Don't be afraid to walk out if you aren't getting the best potential deal you can.

15. Make sure your loan is portable

If there is any opening that you will move house while the course of your loan (and let's face it, there is a strong chance), make sure that your lender will allow you to exchange your loan to a new asset and that it won't charge you the earth for the privilege.

Be careful. If you sell up and buy a new house, you could find yourself down thousands in removal costs on your old loan and making ready fees on your new one.

16. Avoid bridging finance

Someone once said bridging finance is so called because it allows you to "pylon" the debt. The joke's appalling, but so is bridging finance. Unless you get your timing right you could find yourself with two home loans at the same time - with the bridging finance element costing you an extra consolidate of percent excellent on the proper variable rate.

Consider using a deposit bond or selling before you buy, as it will be much more cost productive for you than someone else loan.

17. Pick the loan that suits your needs

Choosing a loan is about knowing what you want. Draw up a table of potential home loans and rank them. Make a list of all the features that are leading to you and rank them agreeing to importance. Give each feature a score out of 5 - one for unimportant right through to 5 for indispensable.

Use this technique for ranking the loans on offer and pretty soon you'll see the one that's right for you. Remember, dissimilar loans have dissimilar purposes so you need to match a loan to your need. Taking out an interest only loan convenient for investors if you are planning to live in the house is just foolish.
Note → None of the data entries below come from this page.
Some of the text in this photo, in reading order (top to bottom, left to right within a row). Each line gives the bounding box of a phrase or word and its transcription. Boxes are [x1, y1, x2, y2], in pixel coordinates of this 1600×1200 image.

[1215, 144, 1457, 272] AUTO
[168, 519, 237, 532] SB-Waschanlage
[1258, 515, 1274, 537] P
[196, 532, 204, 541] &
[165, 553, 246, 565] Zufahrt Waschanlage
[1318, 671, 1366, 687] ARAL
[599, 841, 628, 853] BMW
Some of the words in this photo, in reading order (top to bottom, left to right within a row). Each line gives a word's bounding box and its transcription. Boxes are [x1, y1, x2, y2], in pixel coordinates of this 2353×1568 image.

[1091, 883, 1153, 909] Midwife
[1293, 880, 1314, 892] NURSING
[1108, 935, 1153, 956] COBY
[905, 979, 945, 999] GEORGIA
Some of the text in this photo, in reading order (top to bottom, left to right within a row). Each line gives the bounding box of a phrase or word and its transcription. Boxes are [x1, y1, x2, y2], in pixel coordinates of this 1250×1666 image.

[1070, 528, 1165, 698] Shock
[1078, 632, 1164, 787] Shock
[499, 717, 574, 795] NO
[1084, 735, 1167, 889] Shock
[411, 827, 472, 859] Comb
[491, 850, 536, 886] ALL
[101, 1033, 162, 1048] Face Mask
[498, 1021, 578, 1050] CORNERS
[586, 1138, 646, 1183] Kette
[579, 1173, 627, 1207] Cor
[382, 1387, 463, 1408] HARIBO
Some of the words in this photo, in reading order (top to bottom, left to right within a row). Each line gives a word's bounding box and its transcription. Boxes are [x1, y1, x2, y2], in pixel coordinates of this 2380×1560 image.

Ditching the features you don't need can save you up to 1 per cent on the interest rate of your loan. Over 30 years that's a whole lot of money you've just saved yourself.

18. Don't be afraid of smaller lenders with cheap rates

Since the arrival of the mortgage managers over the past five or six years there's been a lot of talk about smaller and "non-traditional lenders" and how they have forced interest rates down. With the asset boom, abundance of opportunities sprang up for smart lenders with low fees willing to take on primary lenders and many have done very well indeed.

Some borrowers worry about what might happen if their lender gets into financial trouble. Keep in mind that you've got their money - so don't worry too much. There are some smaller lenders whose names might not be easily familiar but whose rates might be sufficient guess to get in touch.

Be wary, however. Some of these smaller lenders can have huge underground fees and charges. It is true that the interest rate might be much lower, but in many cases, they exit (or penalty) fees can be very high if you refinance or pay off your mortgage in the first consolidate of years. Of course, if you're planning on staying with that lender for some time, then these fees will not impact your pocket at all.